Huawei Outs “Entry-Level” Windows Phone 8: Ascend W1 Packs 4-Inch Screen, Dual-Core 1.2 GHz Snapdragon S4 Chip, Lowly Price Tag?

Huawei isn’t just unboxing whopping Android phones at CES. Oh no. The Chinese mobile maker is flirting with Microsoft by sticking its toe in the Windows Phone 8 waters. The Ascend W1, its first WP8 device, appears to be a distinctly mid-range smartphone that will be jazzed up with an affordable price tag. Huawei said the W1 will be available in China and Russia initially — “from January 2013” — with Western Europe, the Middle East, U.S., and other “selected countries” to follow.

While the phone’s specs have the ring of a mid-range device, Huawei is describing the handset as an “entry-level smartphone” — and talks about bringing WP8 to a “much broader audience” (it hasn’t confirmed exact pricing yet). In the budget Android space, the company has used a strategy of offering excellent value for money — via devices such as the Huawei Ascend G300 — to carve out a niche for itself, so it’s possible it’s hoping to repeat this trick with Windows Phone 8.

“The addition of the Ascend W1 to our smartphone portfolio gives consumers access to an even wider range of Huawei smartphones,” said Richard Yu, CEO, Huawei Consumer Business Group, in a statement. “At a price that makes sense to consumers, Ascend W1 underscores our commitment to put smartphones within reach of every consumer, no matter who you are or what you want from your phone.”

The Ascend W1 takes advantage of WP8’s support for multicore chips, with a dual-core 1.2GHz Snapdragon S4 chip lurking under those brightly coloured live tiles (along with an Adreno 305 GPU). But Huawei clearly hasn’t received the missive about WP8’s support for higher resolution displays, because the W1 offers exactly the same amount of pixels as WP7 handsets (480 x 800). Still, a lower-resolution LCD pane is one way for Huawei to keep build costs down.

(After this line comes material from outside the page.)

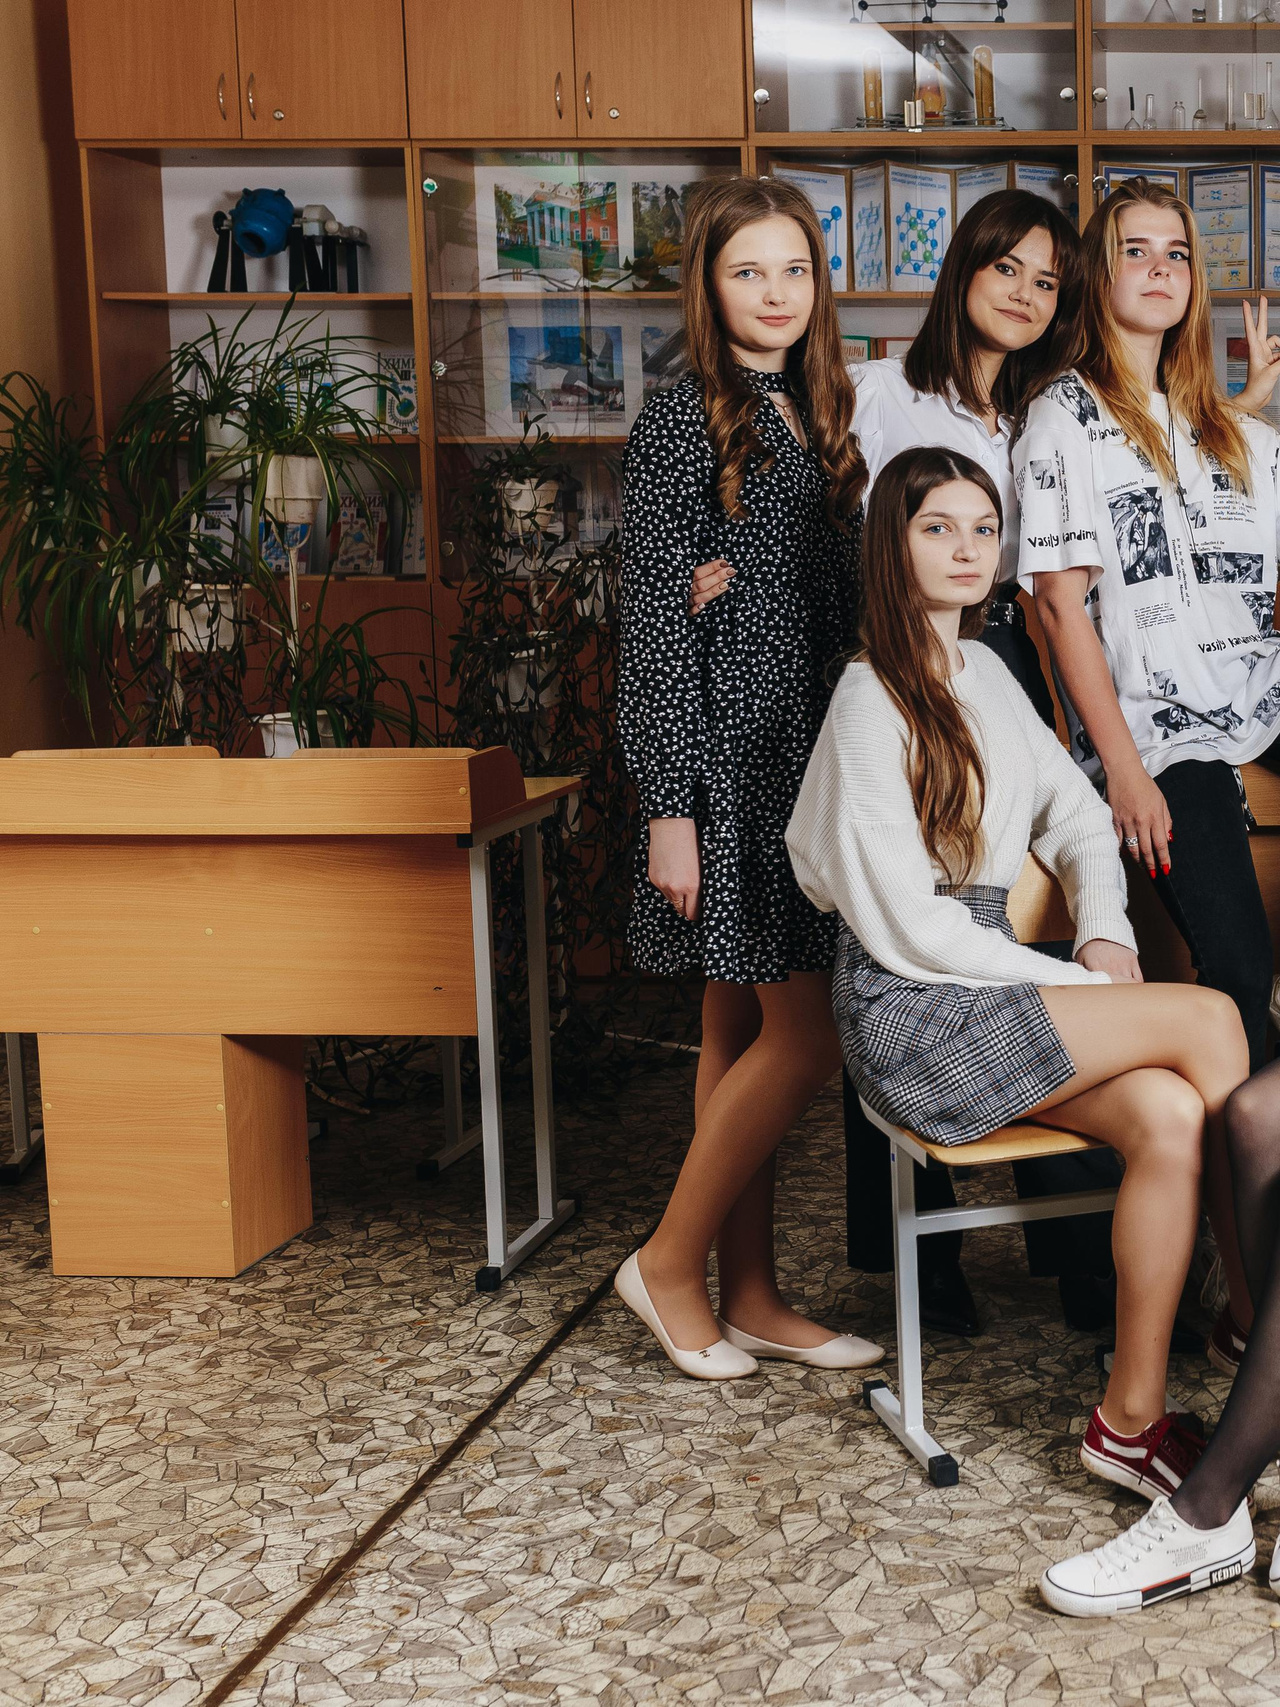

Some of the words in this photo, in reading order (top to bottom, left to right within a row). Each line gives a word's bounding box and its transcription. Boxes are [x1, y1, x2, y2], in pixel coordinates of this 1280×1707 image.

Beyond the as-yet unspecified but apparently affordable price tag, Huawei is making a fair bit of noise about the battery — which is a quite beefy 1,950mAh — which it says is good for 470 hours of standby time, apparently “the longest among all smartphones in its class” (whatever class that is). Elsewhere, the W1 has a 5 megapixel camera with LED flash; and 4GB of on-board memory, expandable to 32GB via a micro SD card slot.

The handset design looks pretty plain in black but Huawei is also offering bright blue and red/pink colour options, plus white — and claims the design was inspired by a “tropical island” (the camera collar is vaguely reminiscent of something volcanic, to my eye). Device thickness is a not-super-slender 10.15mm.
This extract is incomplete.